そう言って肩を落とすと、みっこは『ふふ』と笑って言った。

「さつき、アルバイトしない?」

「アルバイト?」

「割のいいのがあるの」

「え? そんなに収入いいの? でもわたし、『お水』なんてしないわよ」

「そんなんじゃないわ。モルディブでの撮影スタッフのバイト」

「ええっ?!」

あっけにとられたわたしを見て、彼女は微笑んだ。

「どうかしら? 時給はすっごい安いけど、役得として、モルディブまでの交通費や向こうでの滞在費用は、ぜんぶ会社持ちよ。悪いバイトじゃないと思うわ」

「ほ… ほんとにわたしなんかでいいの? わたし、なんにも役に立てない自信があるわよ」

「あは、大丈夫。うちのマネージャーさんが途中からしか来れないから、さつきにはその代理を頼みたいの。ぶっちゃけ、横で見てればいいだけよ」

「ほんとに?」

「ええ。あと、実はもうひとり募集してるの。力仕事ができて、撮影のアシスタントが勤まりそうな男の人」

「男の人?」

「そちらの人選はさつきに任せるわ」

「みっこ… それって、川島君のこと?」

返事の代わりに、彼女はニッコリ微笑んだ。

「そのかわり、ふたりでビシバシ働いてもらうわよ。いい?」

「みっこ… ありがと!」


みっこはわたしに本当によくしてくれる。彼女の厚意がとっても嬉しかった。

はじめての海外旅行。

おまけに、みっこがモデルの仕事をしているところまで、間近で見れるって。なんてラッキー!



 モルディブの空の玄関口、マーレ空港に降り立ったわたしたちを最初に迎えてくれたのは、熱帯独特の高気圧の爽やかな風。そして、ほとんど垂直から降りそそぐ、遮るほこりひとつないような、強烈な陽の光。

赤道の近くにあるこの島国は、年間の半分近くは比較的雨の多い季節だけど、今はベストシーズンらしく、すべての景色がくっきりと、原色で描かれているって感じ。珊瑚さんごのコンクリートでできた建物は、白いコントラストが鮮やかで、目がくらみそう。
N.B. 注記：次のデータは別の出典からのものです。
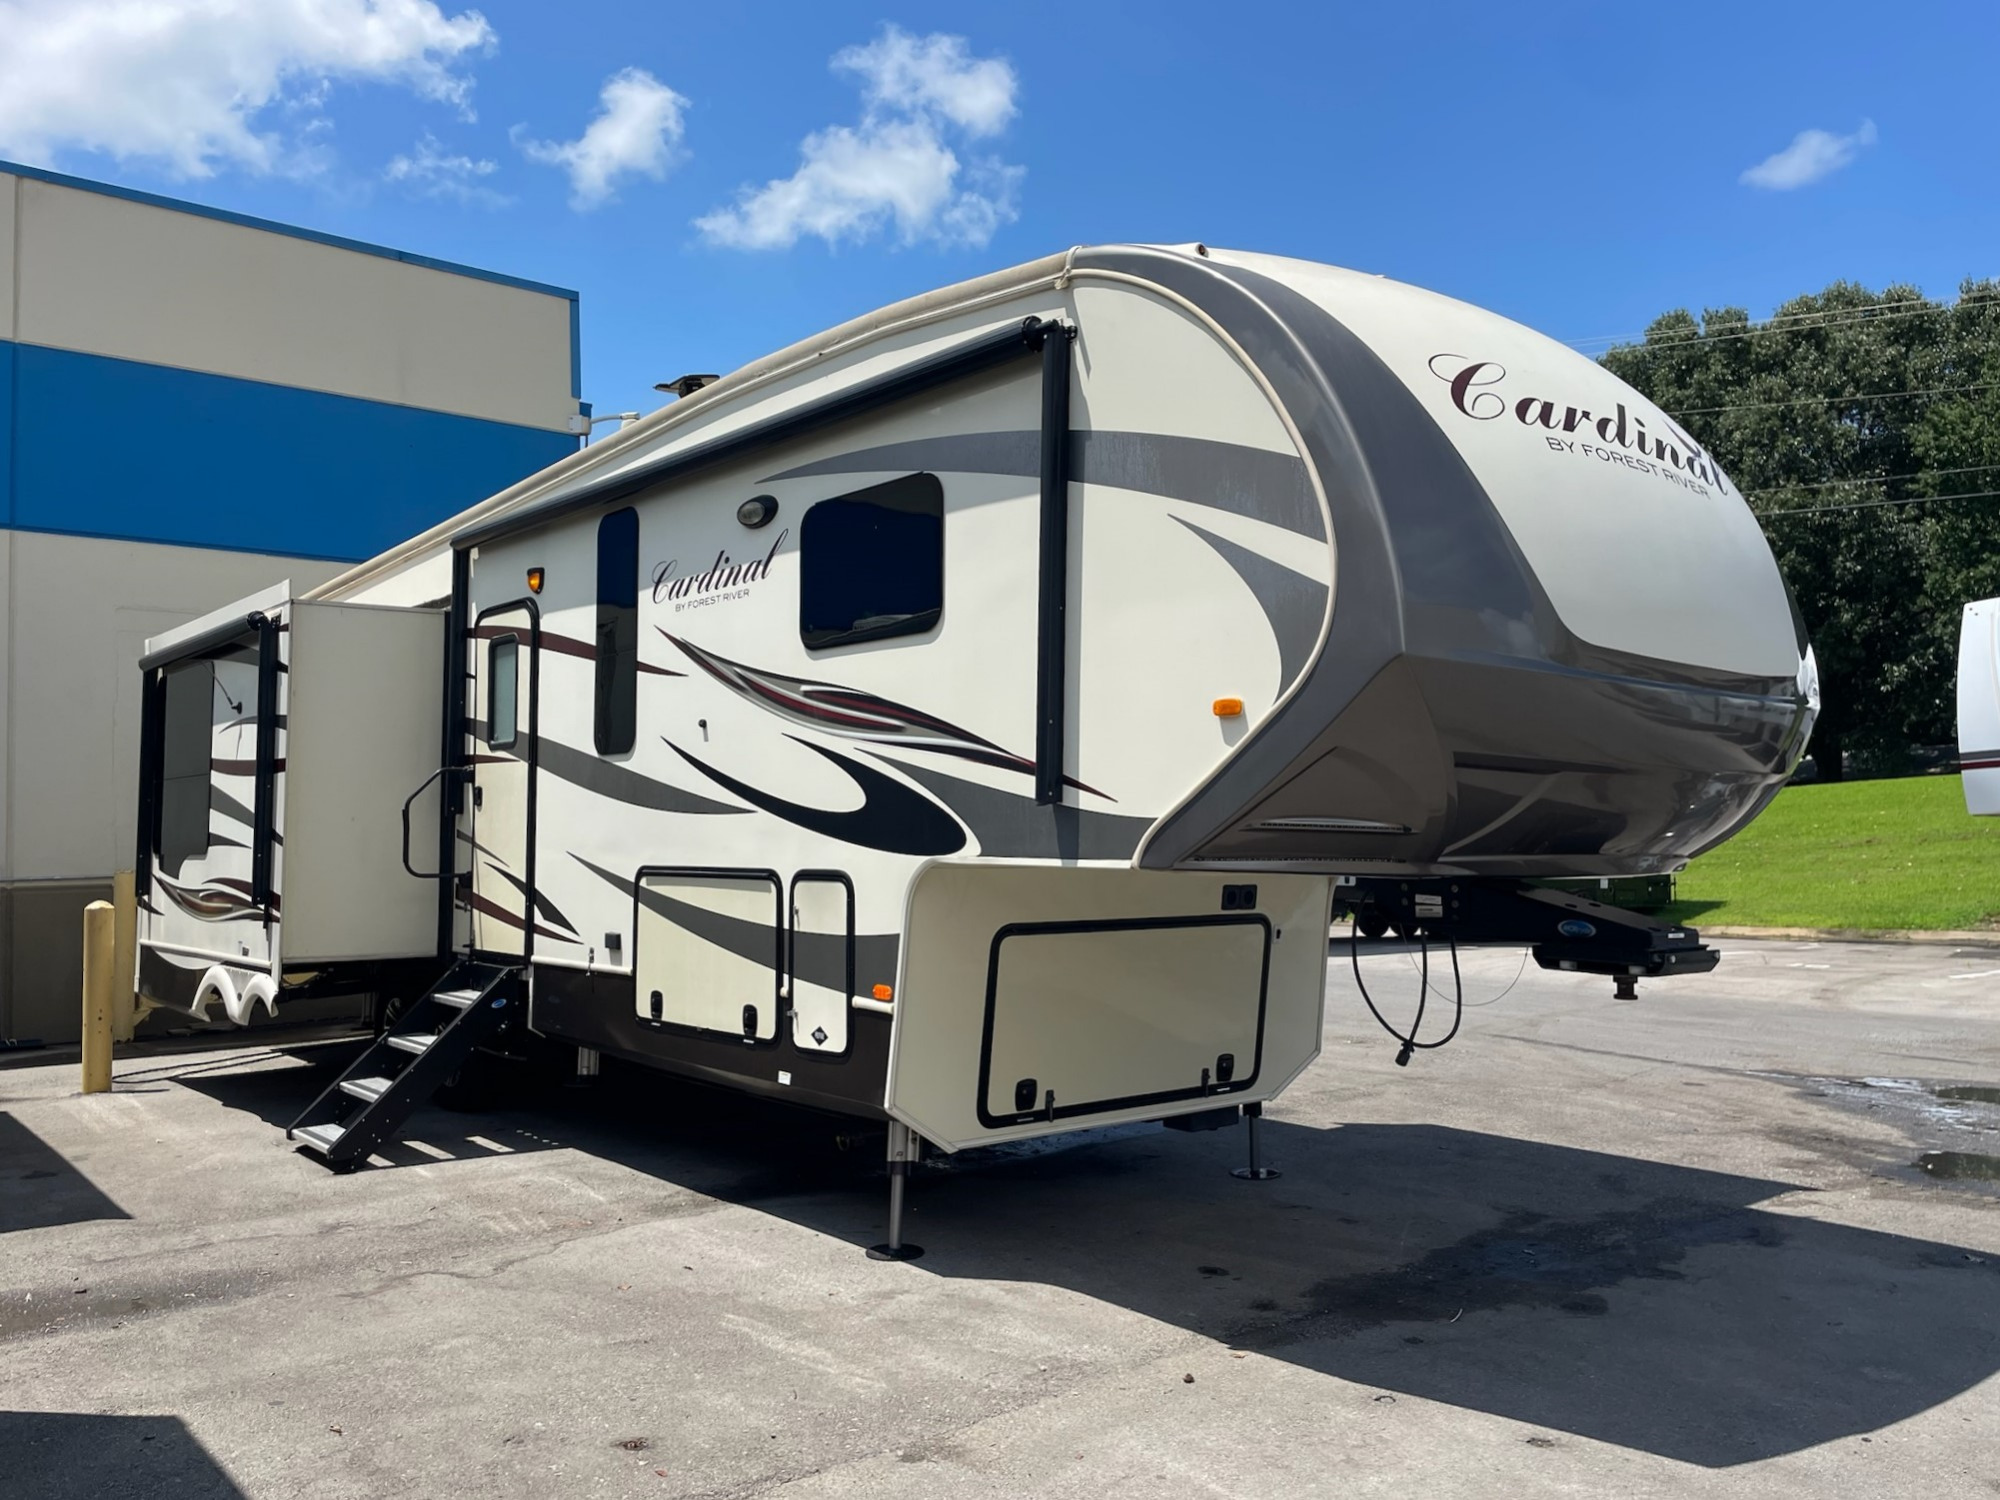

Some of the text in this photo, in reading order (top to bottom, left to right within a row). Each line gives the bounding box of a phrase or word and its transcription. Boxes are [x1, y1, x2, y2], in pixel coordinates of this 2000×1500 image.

[1428, 353, 1728, 496] Cardinal
[1546, 437, 1711, 499] BY FOREST RIVER
[652, 528, 789, 604] Cardinal
[675, 588, 750, 612] BY FOREST RIVER
「素敵! わたしこんな景色見たの、はじめて! 日本の海とか空とかの色と、ぜんっぜん違う!」

「本や絵はがきで見るモルディブの景色って、嘘だったな」

川島君が、額に手をかざしながら言う。

「え? どうして?」

「この景色の色って、印刷で出せる色の範囲を超えてるよ!」

「そうよね! 葉っぱとかまで、キラキラ輝いてて、単なる『緑』なんて言葉じゃ表せないわね!」

「葉っぱだけじゃないよ。日本から1万キロだもんな。これはもうカルチャーショックだよ!」

そんな感嘆符つきの言葉をわたしと川島君は発しながら、回りの景色をキョロキョロと見回した。
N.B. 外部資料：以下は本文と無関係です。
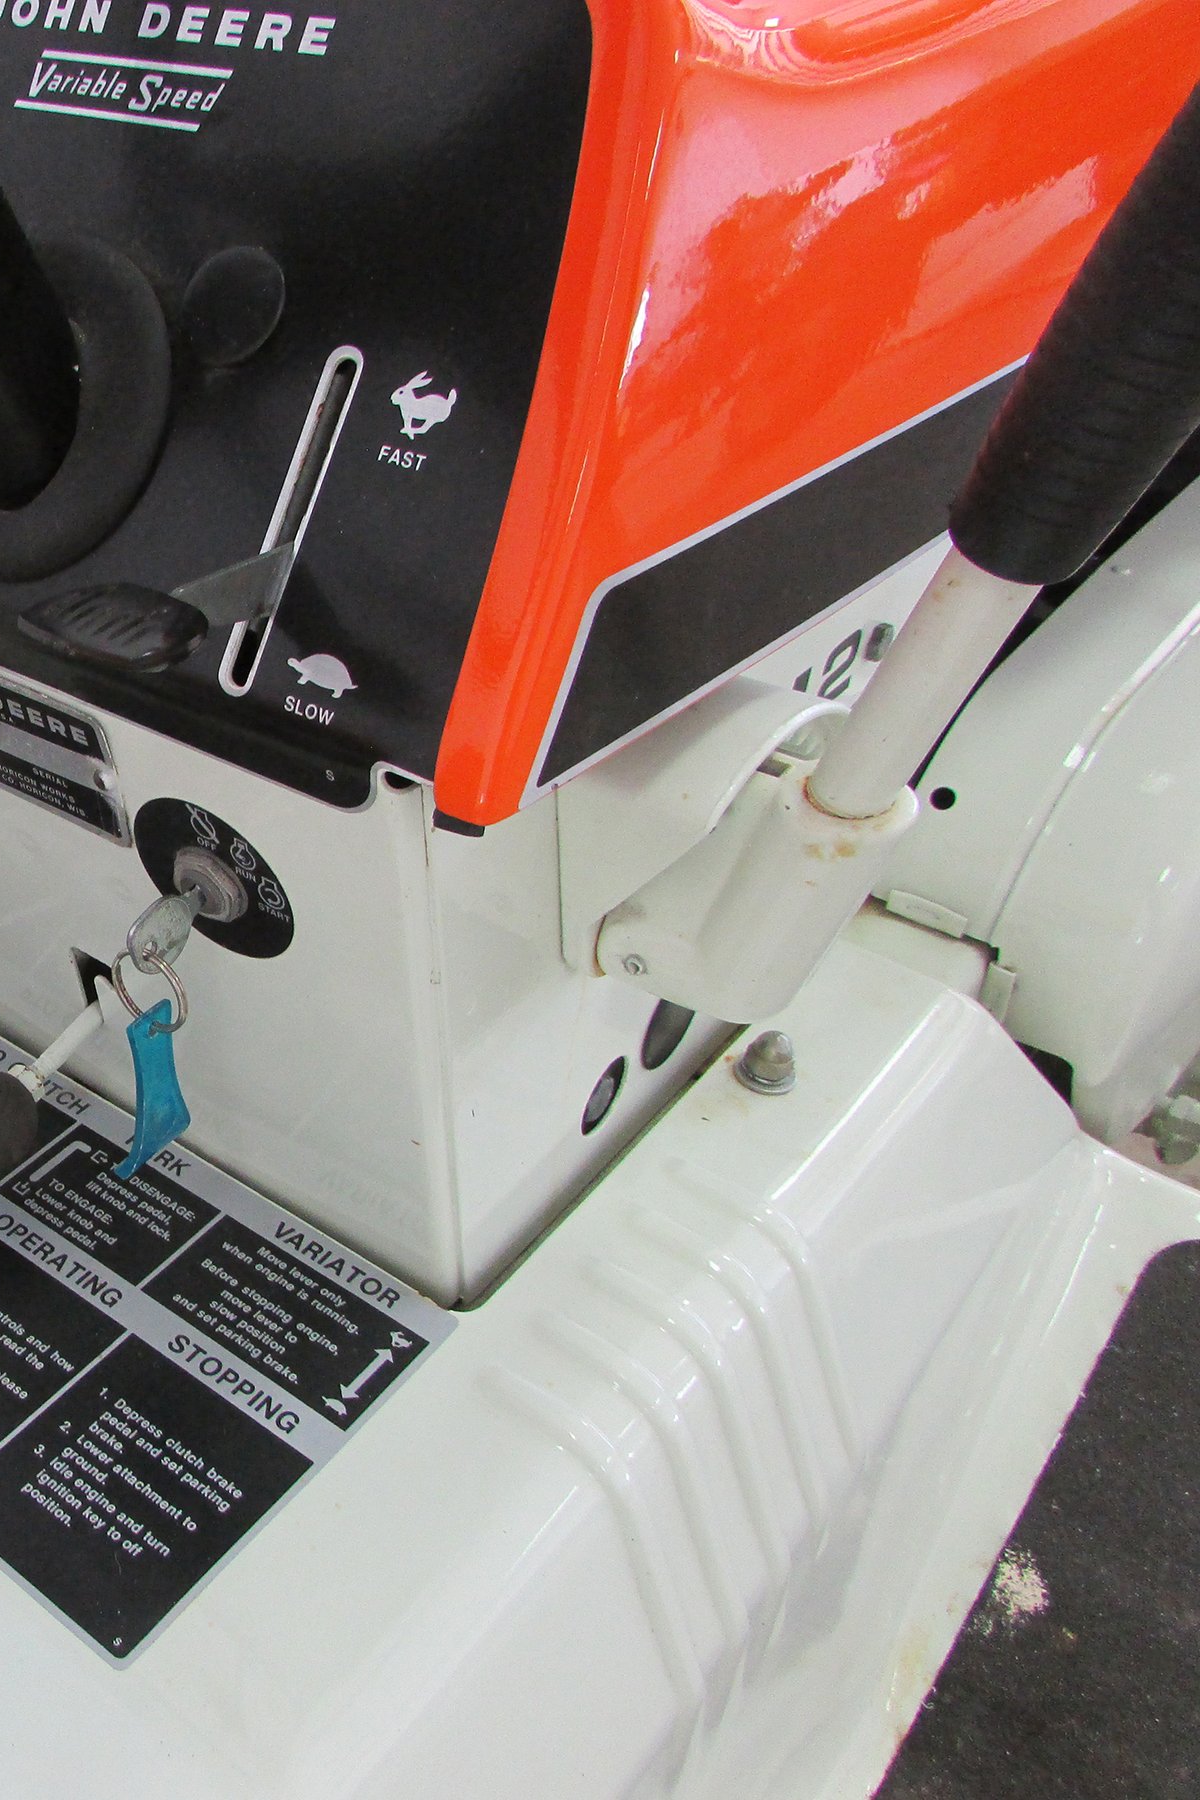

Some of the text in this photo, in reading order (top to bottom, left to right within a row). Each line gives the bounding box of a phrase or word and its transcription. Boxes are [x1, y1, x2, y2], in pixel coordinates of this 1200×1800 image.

[138, 3, 336, 55] DEERE
[28, 61, 225, 113] Variable Speed
[378, 445, 427, 471] FAST
[283, 695, 335, 727] SLOW
[196, 836, 217, 851] OFF
[235, 866, 257, 882] RUN
[258, 902, 291, 922] START
[48, 1177, 64, 1191] TO
[96, 1171, 138, 1202] Depress
[99, 1190, 126, 1211] knob
[125, 1209, 149, 1224] and
[146, 1220, 170, 1241] lock.
[222, 1241, 358, 1335] when engine is running.
[256, 1246, 346, 1307] Move lever only
[274, 1221, 400, 1309] VARIATOR
[200, 1258, 338, 1356] Before stopping engine,
[209, 1300, 285, 1354] slow position
[220, 1289, 297, 1343] move lever to
[25, 1335, 50, 1353] and
[49, 1350, 74, 1372] how
[172, 1293, 298, 1384] and set parking brake.
[167, 1334, 301, 1434] STOPPING
[88, 1420, 123, 1454] brake.
[99, 1411, 230, 1512] pedal and set parking
[113, 1398, 162, 1438] Depress
[165, 1438, 204, 1470] clutch
[206, 1467, 242, 1498] brake
[61, 1446, 108, 1485] ground.
[76, 1434, 113, 1464] Lower
[112, 1464, 182, 1519] attachment
[182, 1516, 196, 1531] to
[20, 1482, 70, 1527] position.
[36, 1468, 143, 1556] ignition key to off
[49, 1456, 73, 1479] Idle
[74, 1478, 115, 1513] engine
[116, 1512, 144, 1534] and
[142, 1530, 170, 1556] turn
ほんとにこのモルディブってところは、今までのわたしたちの世界とはまったくかけ離れていて、もう見慣れたはずの川島君やみっこの顔さえも、ここの光で見ると、ハッとするような新鮮さに溢れているような気がする。

「確かにね。これだけ綺麗な海や景色をバックにした絵は、日本じゃ絶対撮れないものね」

「そうだろうな。ほんと、森田さんには感謝してるよ。こんなすごい所に連れてきてくれただけでなく、撮影の現場にまで入れてくれて。ありがとう!」

うわ。川島君、すごい張り切ってる。

そうよね。川島君はカメラマンになるのが目標だから、彼にとってはプロの撮影の現場を体験できる、またとないチャンスなわけよね。

「ふふ。頑張ってね川島君。さ、行きましょ」

そんな『海外旅行はじめて組』の、興奮しまくっている川島君とわたしを引率しながら、みっこは税関のゲートをくぐって、空港のロビーへ出た。